The COMBINE murine neutropenic pneumonia model looks to standardize an important element of preclinical development and provide interlaboratory uniformity. Herein we provide quantitative bacterial density in lung benchmark efficacy data of humanized exposures of meropenem, cefiderocol and tobramycin in plasma and epithelial lining fluid (ELF) against a collection of Klebsiella pneumoniae and Pseudomonas aeruginosa.

METHODS

In accordance with the COMBINE protocol, human-simulated regimens (HSRs) based on both plasma and ELF exposures of meropenem, cefiderocol (both as 2 g q8h as 3 h infusions) and tobramycin 7 mg/kg as 30 min infusions were tested against K. pneumoniae and P. aeruginosa isolates. The 24 h change in cfu/lung for each HSR was calculated. Each isolate was tested in duplicate against both the plasma and ELF HSRs on separate experiment days.

RESULTS

Meropenem HSRs demonstrated >1 log10 kill against all P. aeruginosa isolates with MICs of ≤16 mg/L, but only against K. pneumoniae isolates with MICs of ≤2 mg/L as isolates with MICs of >2 mg/L generally harboured carbapenemases.

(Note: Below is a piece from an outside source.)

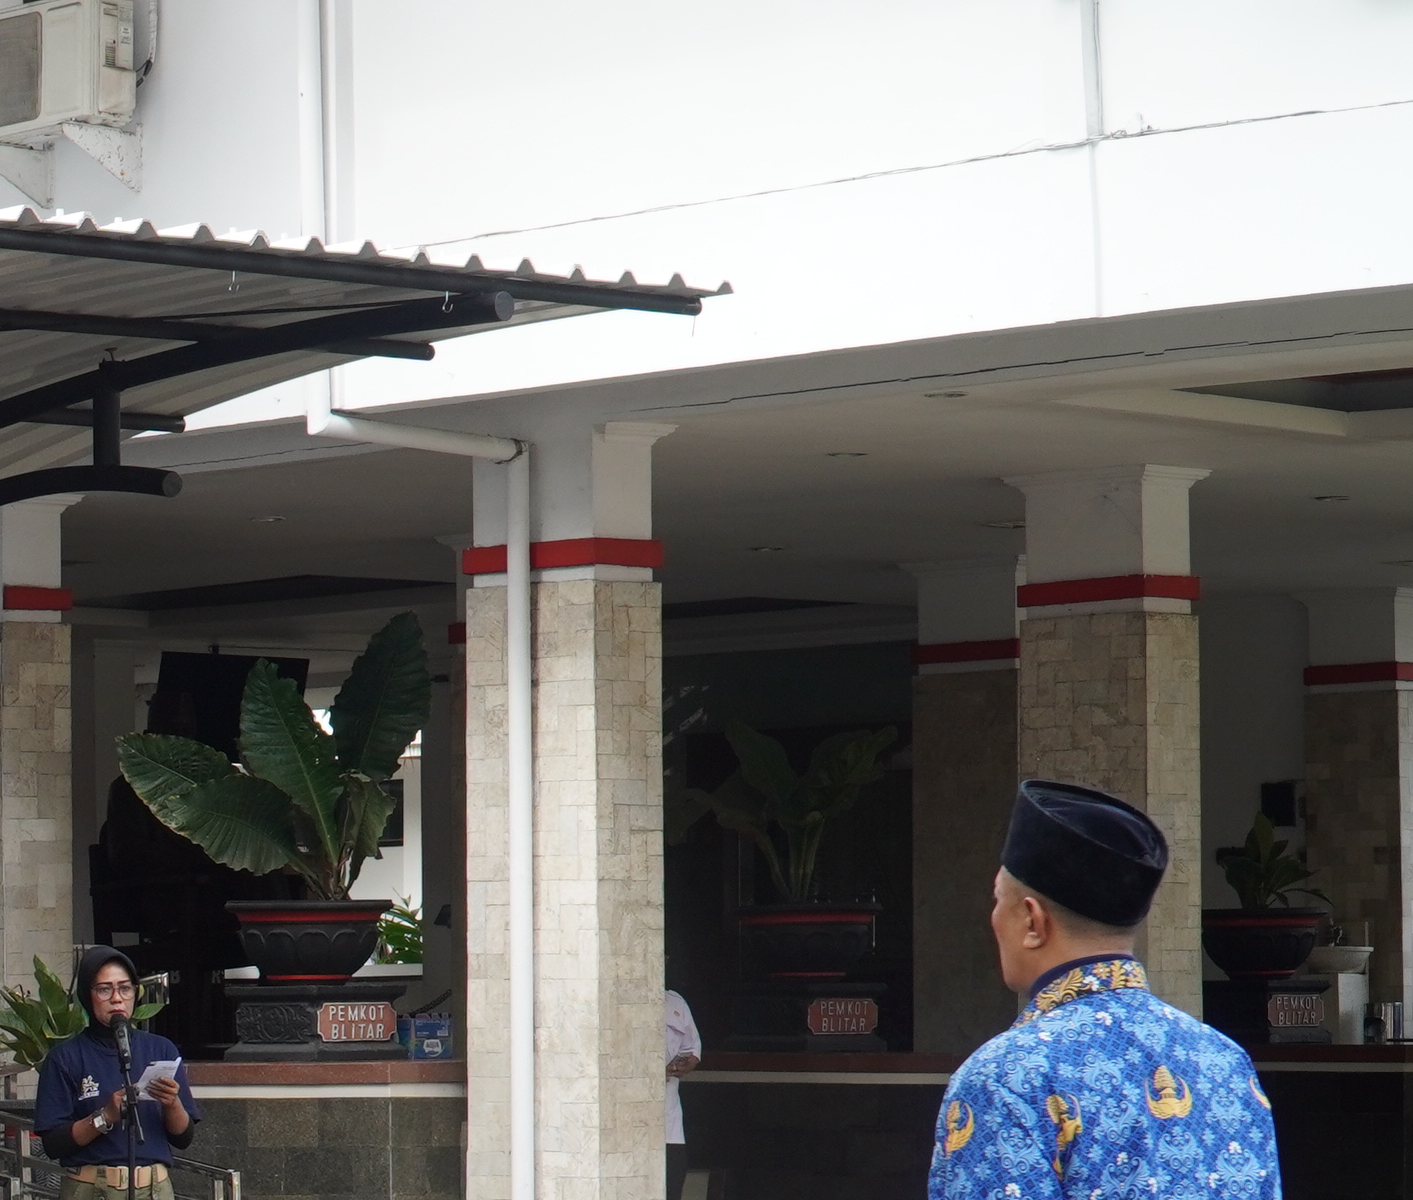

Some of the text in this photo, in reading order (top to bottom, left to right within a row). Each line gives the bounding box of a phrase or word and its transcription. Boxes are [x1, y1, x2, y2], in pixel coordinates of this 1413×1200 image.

Cefiderocol HSRs uniformly achieved >1 log10 kill against both species at MICs of ≤8 mg/L, with net growth and extensive variability in P. aeruginosa isolates with MICs of 16 mg/L. All tobramycin-susceptible isolates demonstrated >1 log10 kill, while non-susceptible isolates did not. Differences in cfu/lung magnitude between the plasma and ELF HSRs were most pronounced around the clinical breakpoints.

CONCLUSIONS

In the COMBINE pneumonia model, administration of plasma and ELF HSRs of meropenem, cefiderocol and tobramycin demonstrated 24 h cfu/lung within reason of expectation given known PK/PD properties and existing clinical breakpoints.